Religiöses Bewusstsein und Politische Ordnung. Eine Kritik von Eric Voegelins Bewusstseinsphilosophie

Eckhart Arnold

1 Vorwort zur Buchausgabe
2 Einleitung
3 Die Grundzüge von Voegelins Philosophie
4 Voegelins Bewusstseinsphilosophie („Anamnesis“ - Teil I)
    4.1 Voegelin über Husserls „Krisis der europäischen Wissenschaften“
    4.2 „Zur Theorie des Bewußtseins“
        4.2.1 Voegelins Schrift „Zur Theorie des Bewußtseins“
        4.2.2 Kritik von Voegelins Theorie des Bewusstseins
    4.3 Die „anamnetischen Experimente“ Voegelins
5 „Was ist politische Realität?“ (Anamnesis - Teil III)
6 Ergebnis: Das Scheitern von Voegelins Bewusstseinsphilosophie
7 Die Schlüsselfrage: Braucht Politik spirituelle Grundlagen?
8 Was bleibt von Eric Voegelin?
9 Literatur

4.2.2 Kritik von Voegelins Theorie des Bewusstseins

Sind Voegelins Überlegungen „Zur Theorie des Bewußtseins“ überzeugend? Geben sie die Beziehungen zwischen Sein und Bewusstsein richtig wieder und dürfen Voegelins Argumente als stichhaltig angesehen werden? Da es kaum möglich ist, auf alle Einzelheiten der sehr vielfältigen Ausführungen Voegelins einzugehen, sollen zur genaueren kritischen Untersuchung nur einige Punkte herausgegriffen werden, die für Voegelins Argumentation von wesentlicher Bedeutung sind.

Innerhalb von Voegelins eigener Darstellung der Bewusstseinsstruktur findet sich an zentraler Stelle das Argument, dass sich das Bewusstsein bei dem Versuch, transfinite Prozesse deskriptiv zu beschreiben, auf Grund seiner eigenen Endlichkeit unvermeidlich in Widersprüche verwickelt. Das Argument spielt deshalb eine wesentliche Rolle, weil diese Widersprüche es erforderlich werden lassen, zur Deutung bestimmter Wirklichkeitsbereiche auf die zwar subtilen und seelisch sensiblen aber an Klarheit und Objektivität hinter einer deskriptiven Beschreibung zurückstehenden Instrumente der Mythensymbolik und der Prozesstheologie zurückzugreifen. Unglücklicherweise steckt gerade in dieser Passage von Voegelins Darstellung eine Reihe von Fragwürdigkeiten, die sich nicht ohne weiteres auflösen lassen.

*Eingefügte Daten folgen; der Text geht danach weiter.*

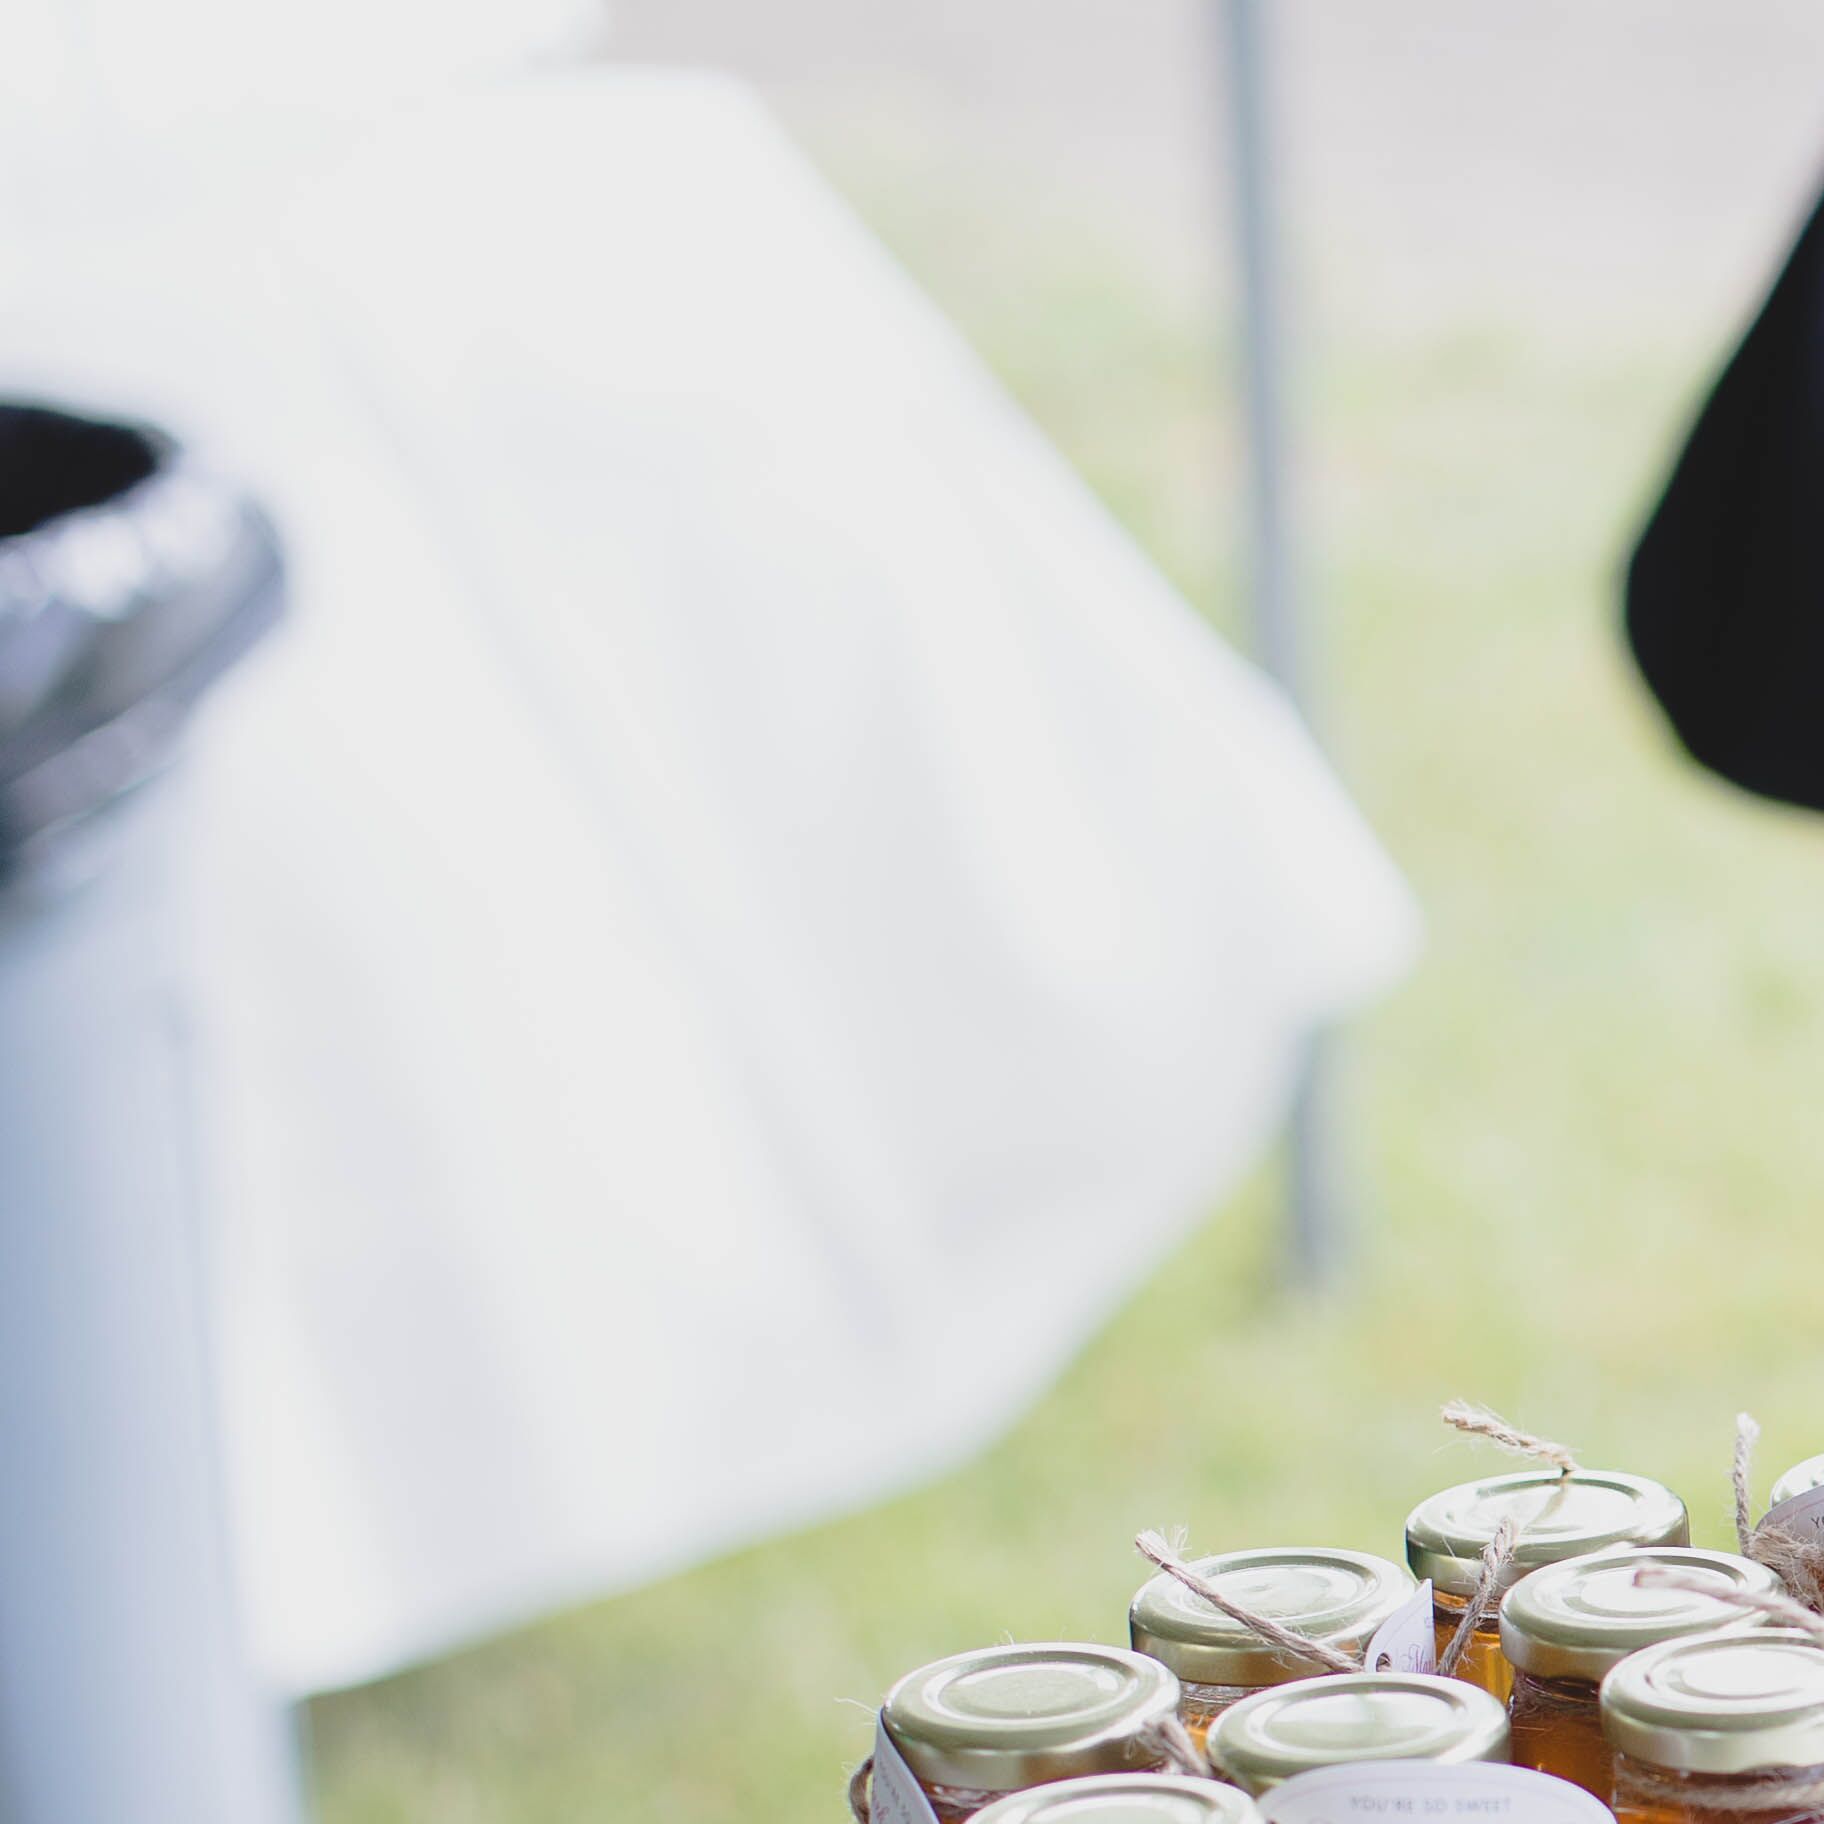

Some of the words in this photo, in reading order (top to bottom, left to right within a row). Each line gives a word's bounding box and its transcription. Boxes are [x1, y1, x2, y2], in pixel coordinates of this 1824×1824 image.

Zunächst einmal ist es zweifelhaft, ob, wie Voegelin es behauptet, der Bewusstseinsprozess das einzige erfahrene Modell eines Prozesses darstellt. Prozesse oder, mit anderen Worten, zeitlich ablaufende Vorgänge im weitesten Sinne erleben wir tagtäglich in der äußeren Erfahrung, z.B. wenn wir ein fahrendes Auto beobachten. Die äußere Erfahrung eignet sich dabei mindestens ebenso gut, wenn nicht besser, als die innere Erfahrung, um den Begriff eines Prozesses zu bilden. Abgesehen davon ist es aber auch überhaupt nicht erforderlich, zur Bildung eines Begriffes diesen von irgendeiner Erfahrung abzuziehen. Ebenso wie ein großer Teil unseres Wissens nicht aus unmittelbarer Erfahrung stammt, gibt es auch viele Begriffe, die rein abstrakt sind. Alle mathematischen Begriffe gehören zu dieser Klasse. Insbesondere ist es ohne Probleme möglich, widerspruchsfreie Begriffe von Unendlichkeit zu bilden. Die Mengenlehre verfügt über mehrere solcher Begriffe. Freilich decken diese Begriffe nicht alle Wortbedeutungen von „unendlich“ ab, und die „unendliche Sehnsucht“, von der ein romantischer Dichter schwärmen mag, wird von der Mengenlehre nicht erfasst, aber es ist nun nicht mehr einleuchtend, weshalb die Finitheit des Bewusstseinsprozesses bei der Beschreibung von unendlichen Prozessen zu den von Voegelin unterstellten Ausdruckskonflikten führen muss. Außerdem scheint sich Voegelin auch hinsichtlich der Bedeutung der Kantischen Antinomien geirrt zu haben. Kants Antinomien beruhen letztlich auf unterschiedlichen Voraussetzungen, die den einander gegenübergestellten Beweisen und Gegenbeweisen zu Grunde liegen. Um Antinomien könnte es sich nur noch dann handeln, wenn diese Voraussetzungen gleichermaßen notwendig wären. Aber dies - und hierin irrt Kant und mit ihm viele seiner Interpreten und, wie es scheint, leider auch Voegelin - ist nicht der Fall.[199] Was Voegelin schließlich mit den Paradoxen der Mengenlehre meint, geht aus dem Text leider nicht hervor. Möglicherweise meint Voegelin die Russellsche Antinomie, die in der naiven Mengenlehre auftritt. Aber erstens handelt es sich nicht um ein Paradox der Unendlichkeit, und zweitens lässt sie sich mühelos durch eine axiomatische Fassung der Mengenlehre beseitigen.[200]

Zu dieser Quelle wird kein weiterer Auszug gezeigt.